Dissolution testing is a standardized laboratory method in the pharmaceutical industry that measures the rate and extent a solid dosage form, such as a tablet or capsule, turns into a solution. The process is comparable to a sugar cube dissolving in tea, showing how quickly the solid breaks down. This analysis provides information on how a drug is released from its delivery system under controlled conditions.
The Purpose of Dissolution Testing
A primary function of dissolution testing is to ensure quality control in pharmaceutical manufacturing. The test assesses batch-to-batch consistency, verifying that each production run meets established release specifications to ensure predictable performance. If a manufacturing error produced a batch that dissolves slower than intended, it could impact the medication’s performance.

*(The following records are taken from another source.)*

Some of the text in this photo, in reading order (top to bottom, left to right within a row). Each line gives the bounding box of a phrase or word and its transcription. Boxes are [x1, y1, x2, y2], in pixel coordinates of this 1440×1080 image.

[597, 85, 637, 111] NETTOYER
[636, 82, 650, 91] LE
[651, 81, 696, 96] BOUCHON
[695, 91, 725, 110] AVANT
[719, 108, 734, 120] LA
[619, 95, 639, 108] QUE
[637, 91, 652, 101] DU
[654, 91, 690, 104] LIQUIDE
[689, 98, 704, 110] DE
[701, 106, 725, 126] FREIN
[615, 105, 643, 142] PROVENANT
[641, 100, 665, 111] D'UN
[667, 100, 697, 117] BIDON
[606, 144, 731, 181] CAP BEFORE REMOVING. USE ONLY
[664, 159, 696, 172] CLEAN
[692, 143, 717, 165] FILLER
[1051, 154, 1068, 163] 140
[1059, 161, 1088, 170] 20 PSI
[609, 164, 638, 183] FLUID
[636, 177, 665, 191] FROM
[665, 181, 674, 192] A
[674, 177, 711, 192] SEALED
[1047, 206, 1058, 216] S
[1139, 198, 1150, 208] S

The test is also an indicator of a drug’s potential bioavailability, which is the rate and extent the active ingredient is absorbed by the body and becomes available at its intended site of action. The test is designed to predict how the drug will behave after ingestion. For these reasons, regulatory agencies like the U.S. Food and Drug Administration (FDA) require dissolution testing for many solid oral drugs.
The Dissolution Testing Process
The procedure for dissolution testing is standardized to ensure results are reproducible. It involves a laboratory apparatus, with several designs recognized by the United States Pharmacopeia (USP). The most frequently used are the basket apparatus and the paddle apparatus, each consisting of a vessel containing a specific volume of a liquid known as the dissolution medium.

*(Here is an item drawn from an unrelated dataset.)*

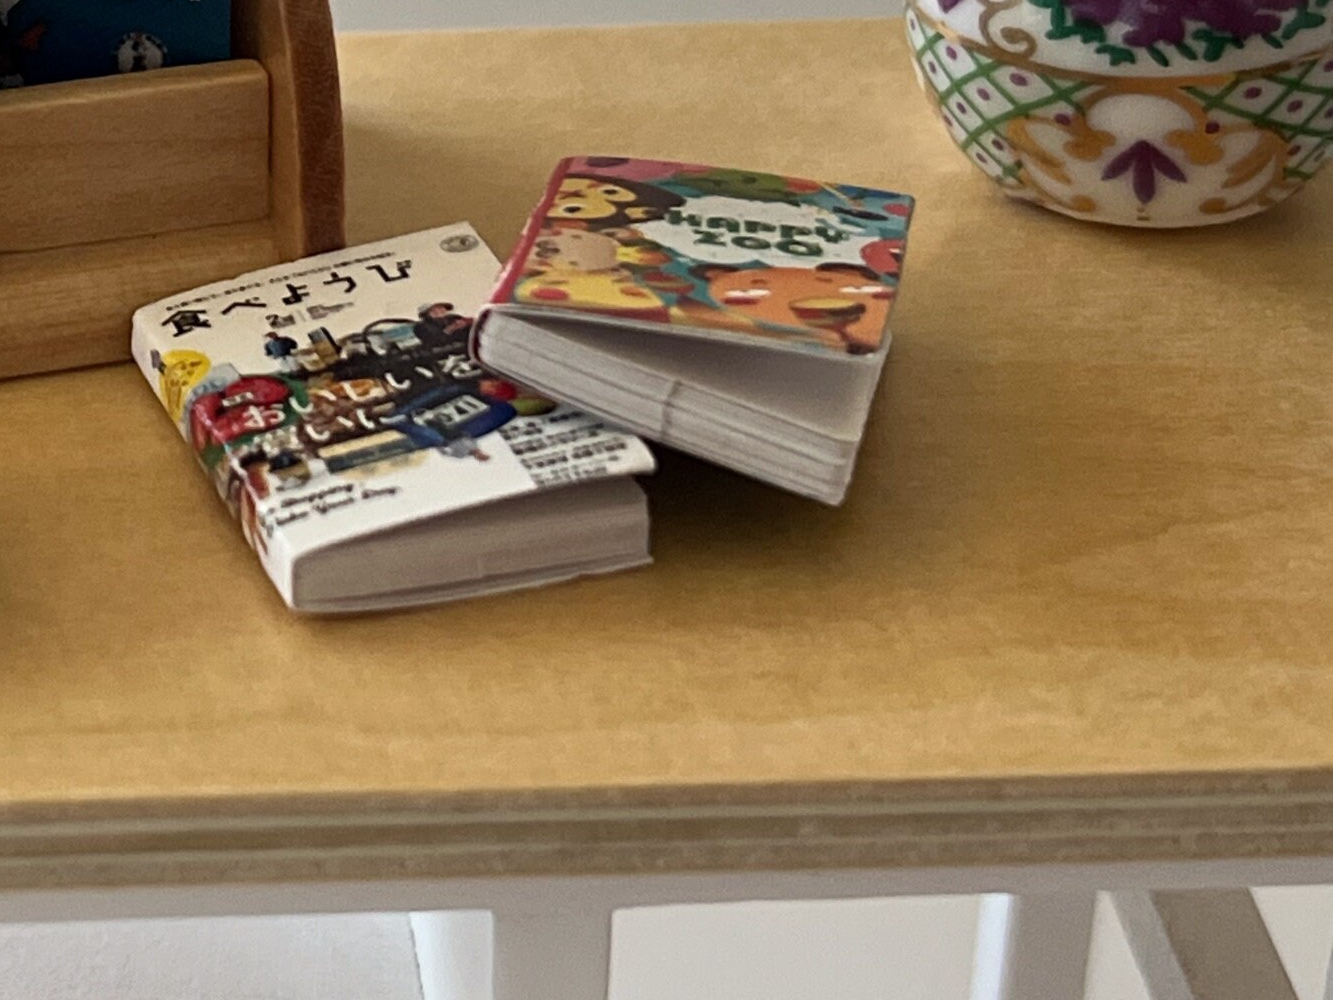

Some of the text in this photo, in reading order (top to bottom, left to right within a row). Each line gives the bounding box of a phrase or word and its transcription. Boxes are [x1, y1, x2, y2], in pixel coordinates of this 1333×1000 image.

[692, 227, 824, 257] ZOO
[160, 258, 414, 338] 食べようび

This medium is a solution designed to simulate human bodily fluids, such as those in the stomach or intestine. The chemical composition, an acidic or phosphate buffer solution, can be adjusted to mimic different physiological pH levels. During the test, the medium is heated and maintained at 37°C (98.6°F) to replicate the human body’s internal temperature.
Once conditions are set, the tablet or capsule is placed in the apparatus. For the basket method, the dosage form is held in a small rotating wire mesh basket, which is useful for capsules or dosage forms that float. In the paddle method, a rotating paddle stirs the medium after the tablet has sunk to the bottom. The stirring speed is controlled throughout the test, and at predetermined intervals, small samples are withdrawn and analyzed to determine the concentration of the dissolved drug.
Interpreting Test Results
The data collected from periodic sampling is used to generate a dissolution profile. This profile is presented as a graph that plots the percentage of the drug dissolved against time. For immediate-release products, this graph shows a gradual increase that levels off as the drug fully dissolves, within 30 to 45 minutes.

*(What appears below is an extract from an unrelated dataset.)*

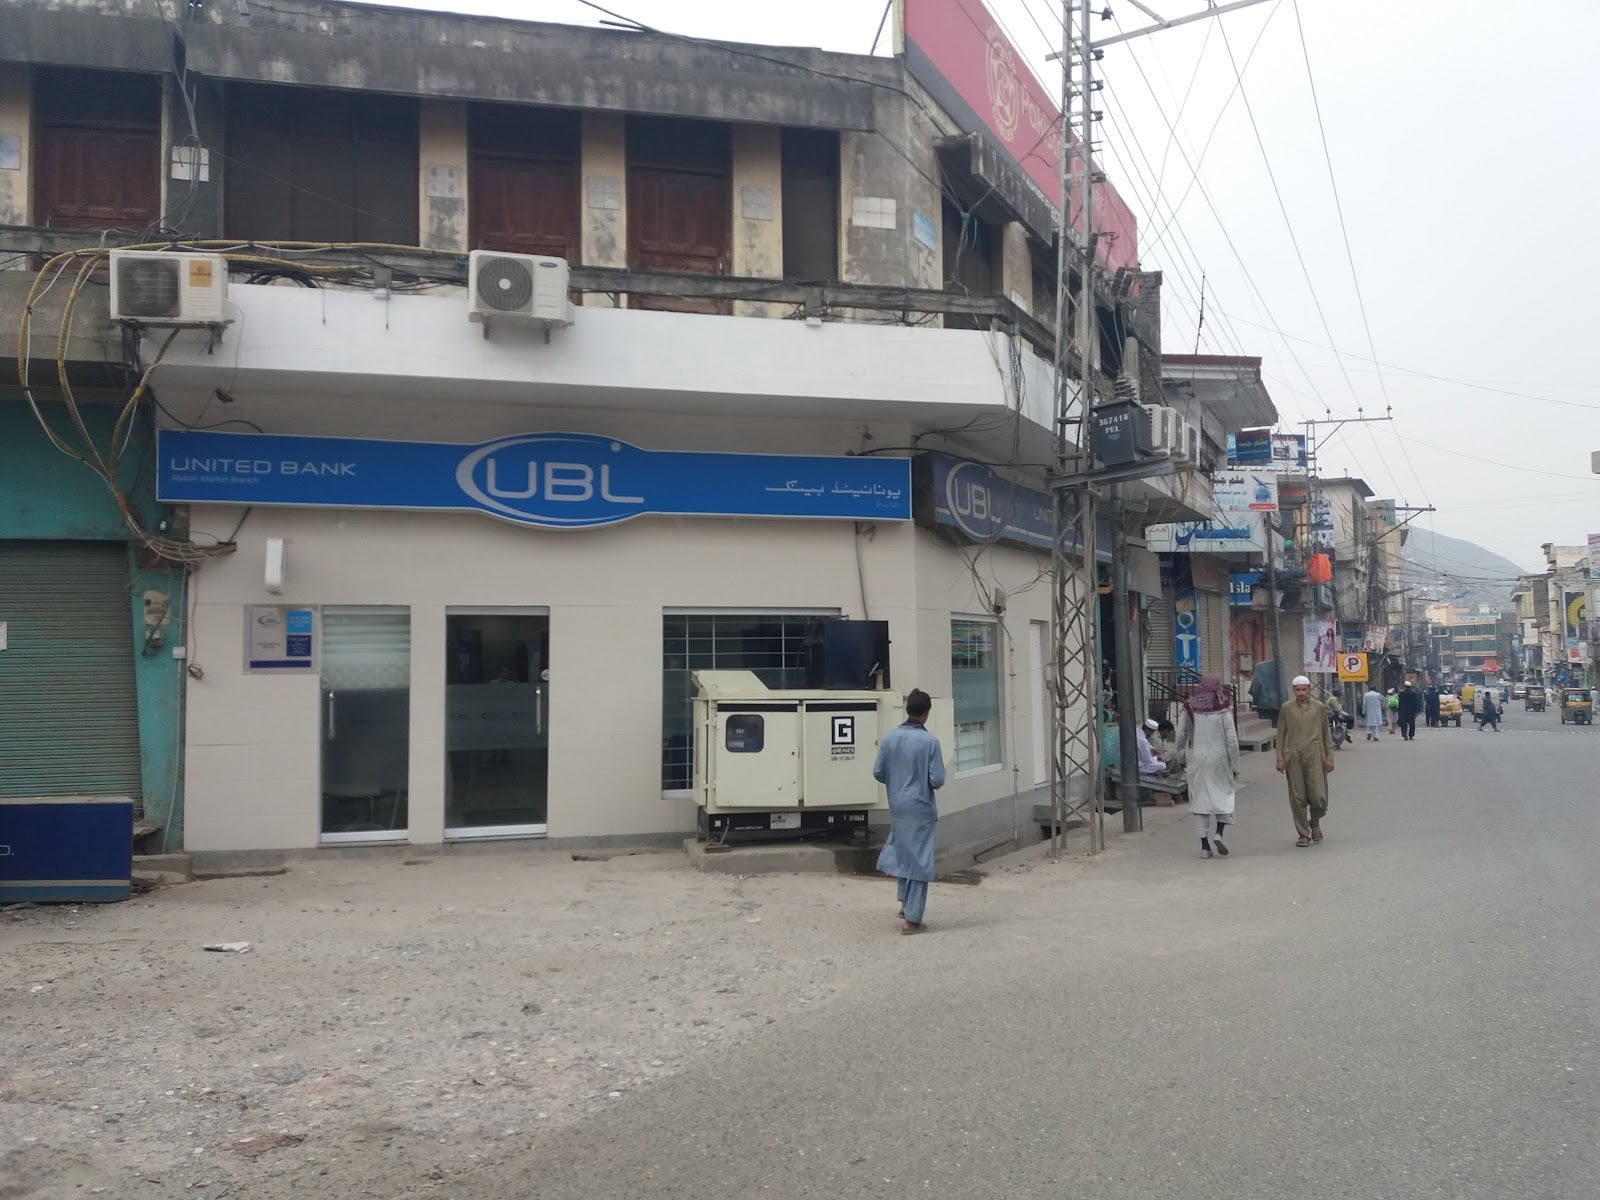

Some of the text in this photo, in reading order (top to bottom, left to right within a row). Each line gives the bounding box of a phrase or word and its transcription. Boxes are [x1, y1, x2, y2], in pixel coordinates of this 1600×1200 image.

[171, 458, 357, 476] UNITED BANK
[486, 458, 645, 503] UBL
[954, 478, 1001, 523] UBL
[1229, 582, 1251, 594] Isla

For a drug batch to be considered acceptable, its dissolution profile must meet predefined specifications known as acceptance criteria. These criteria define the amount of drug that must be dissolved by a certain time point. A common specification is that 75% or 80% of the drug must be dissolved within a specified time, such as 45 minutes, based on batches that have demonstrated proper clinical performance.
Dissolution profiles are also used for the approval of generic drugs. A generic manufacturer can demonstrate its product is bioequivalent to a brand-name drug by showing their dissolution profiles are similar. If the generic version dissolves at a comparable rate and extent across various simulated conditions, it provides evidence that it will perform similarly in the body, which can reduce the need for extensive human clinical trials.